According to the synchronous counter of the present invention,
It is composed of a parallel carry type lower digit side counter capable of high-speed operation and an upper digit side counter having a simple circuit configuration although the output change is slow. The carry of the carry is completed in the flip-flop of the most significant bit while the value of the lower digit side counter makes one cycle, and the carry signal of the second counter which has completed the propagation is the maximum value of the lower digit side counter (down counter). In this case, the flip-flop is configured to be input when it reaches the minimum value). Therefore, it takes a sufficient time for the carry to propagate, and the upper limit of the clock frequency is set high even in the case of a synchronous counter with an extremely large number of digits.

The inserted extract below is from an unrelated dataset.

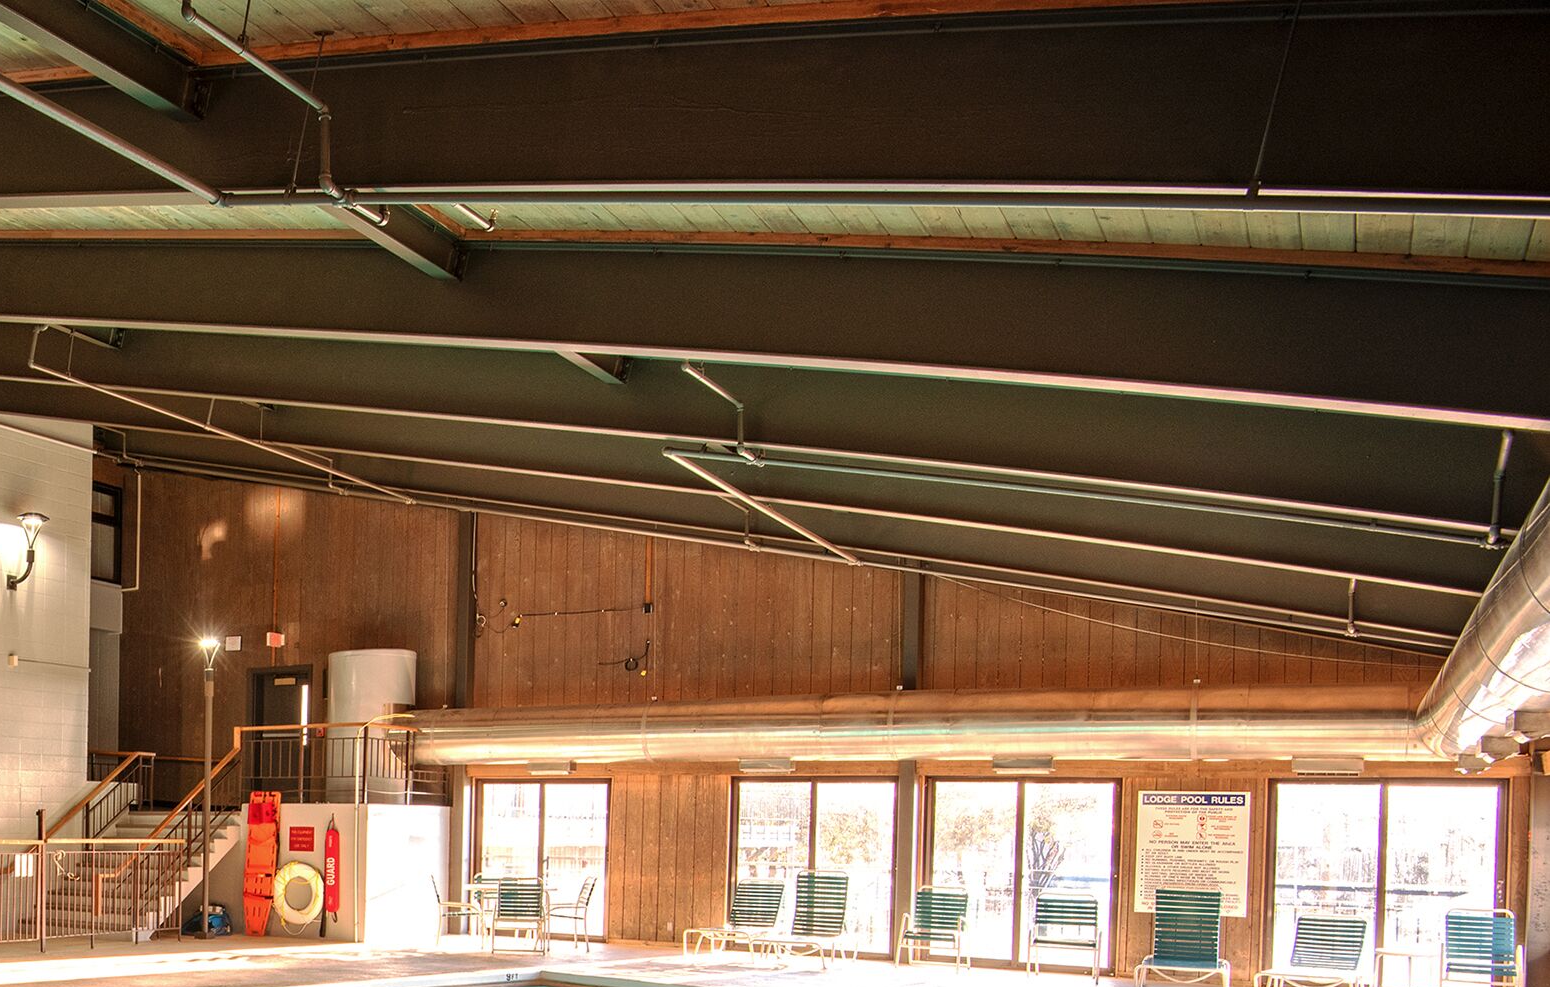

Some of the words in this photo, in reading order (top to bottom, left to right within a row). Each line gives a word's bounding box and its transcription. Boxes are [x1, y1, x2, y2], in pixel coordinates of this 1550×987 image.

In addition, it can be realized with a simple circuit configuration.

[Brief description of drawings]

FIG. 1 is a diagram of a circuit configuration showing a synchronous counter according to the present invention.

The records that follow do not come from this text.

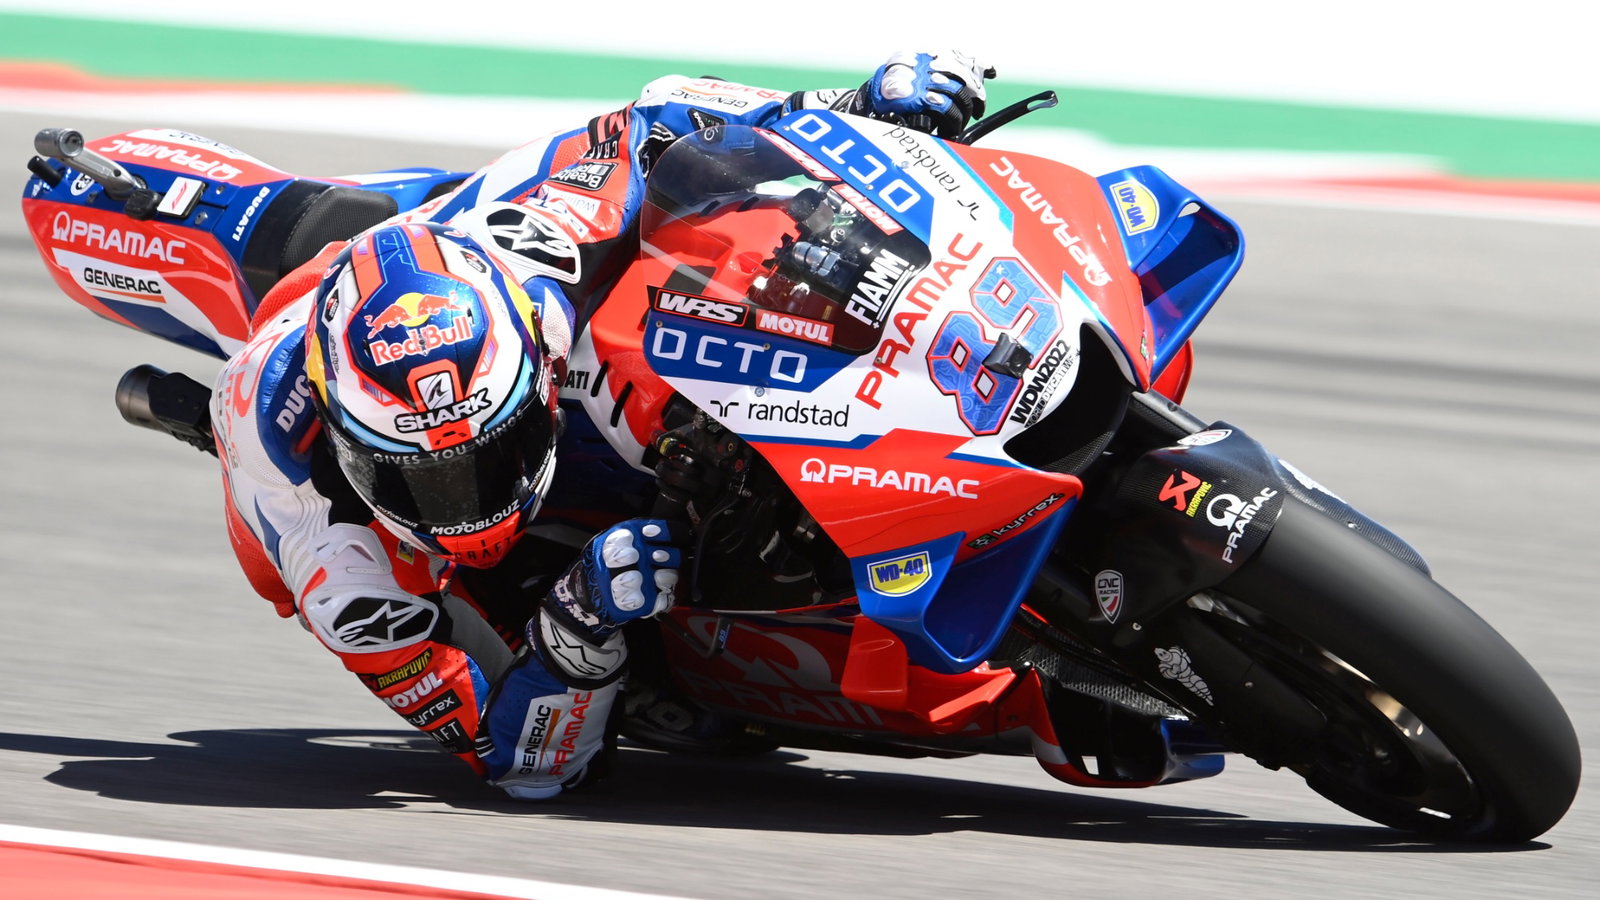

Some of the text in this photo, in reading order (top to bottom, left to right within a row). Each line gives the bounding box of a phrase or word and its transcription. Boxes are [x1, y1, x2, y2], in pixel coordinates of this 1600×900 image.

[789, 113, 921, 213] OCTO
[883, 127, 961, 193] randstad
[232, 187, 270, 242] DUCATI
[990, 156, 1091, 268] PRAMAC
[1118, 187, 1146, 228] WD-40
[70, 220, 186, 265] PRAMAC
[84, 267, 161, 295] GENERAC
[845, 249, 909, 327] FIAMM
[658, 293, 743, 322] WRS
[758, 312, 830, 343] MOTUL
[855, 233, 983, 411] PRAMAC
[369, 330, 423, 366] Red
[425, 316, 474, 351] Bull
[652, 327, 808, 383] OCTO
[926, 257, 1064, 436] 89
[275, 372, 312, 433] DUC
[564, 369, 590, 390] ATI
[1010, 339, 1071, 424] WDW2022
[373, 409, 524, 465] GIVES YOU WINGS
[396, 389, 492, 434] SHARK
[748, 400, 850, 428] randstad
[827, 465, 980, 499] PRAMAC
[430, 498, 521, 535] MOTOBLOUZ
[993, 492, 1062, 537] kyrrex
[1222, 487, 1278, 564] PRAMAC
[876, 557, 925, 583] WD-40
[1098, 578, 1119, 588] CNC
[674, 667, 884, 726] PRAM
[431, 721, 460, 742] AFT
[518, 704, 551, 775] GENERAC
[548, 692, 593, 776] PRAMAC

FIG. 2 is a timing chart showing the operation of the synchronous counter according to the present invention.

FIG. 3 is a configuration diagram of a conventional ripple carry type synchronous counter.

FIG. 4 is a block diagram of a conventional parallel carry type synchronous counter.

FIG. 5 is a timing chart of a conventional synchronous counter.

[Explanation of symbols]

1 Lower digit side counter 2 Higher digit side counter 10-17 Flip-flops 21, 22, 24a to 27a, 23b to 27b AND
Gate circuit

Claims (2)

(57) [Claims] 1. A first counter comprising a first flip-flop group for outputting a lower digit and a second counter for outputting an upper digit.
A second counter consisting of a flip-flop group of
A synchronous counter that operates in synchronization with a common clock signal, wherein the first counter outputs a carry signal to the second counter when the logics of the first flip-flop group are aligned, The second counter is a second counter in the synchronous counter that outputs from the second flip-flop based on the carry signal from the first counter and the output signal from the lower digit in the second flip-flop group . The counter will not output the carry signal.
The second counter until the next carry signal is output.
Carry signal in the carrier up to the most significant digit and carry
The second counter is output when the output signal is completed.
A synchronous counter characterized in that 2. A first counter is provided with a gate circuit, on the output side of the flip-flop, which collects all the outputs of the lower-order flip-flops, and the second counter has an output signal of a predetermined flip-flop. A first gate circuit, which receives the signal from the first gate circuit of the one lower digit, is provided, and the carry signal and the signal from the first gate circuit are input, and a flip-flop of the one upper digit is provided. The synchronous counter according to claim 1, further comprising a second gate circuit for outputting to the.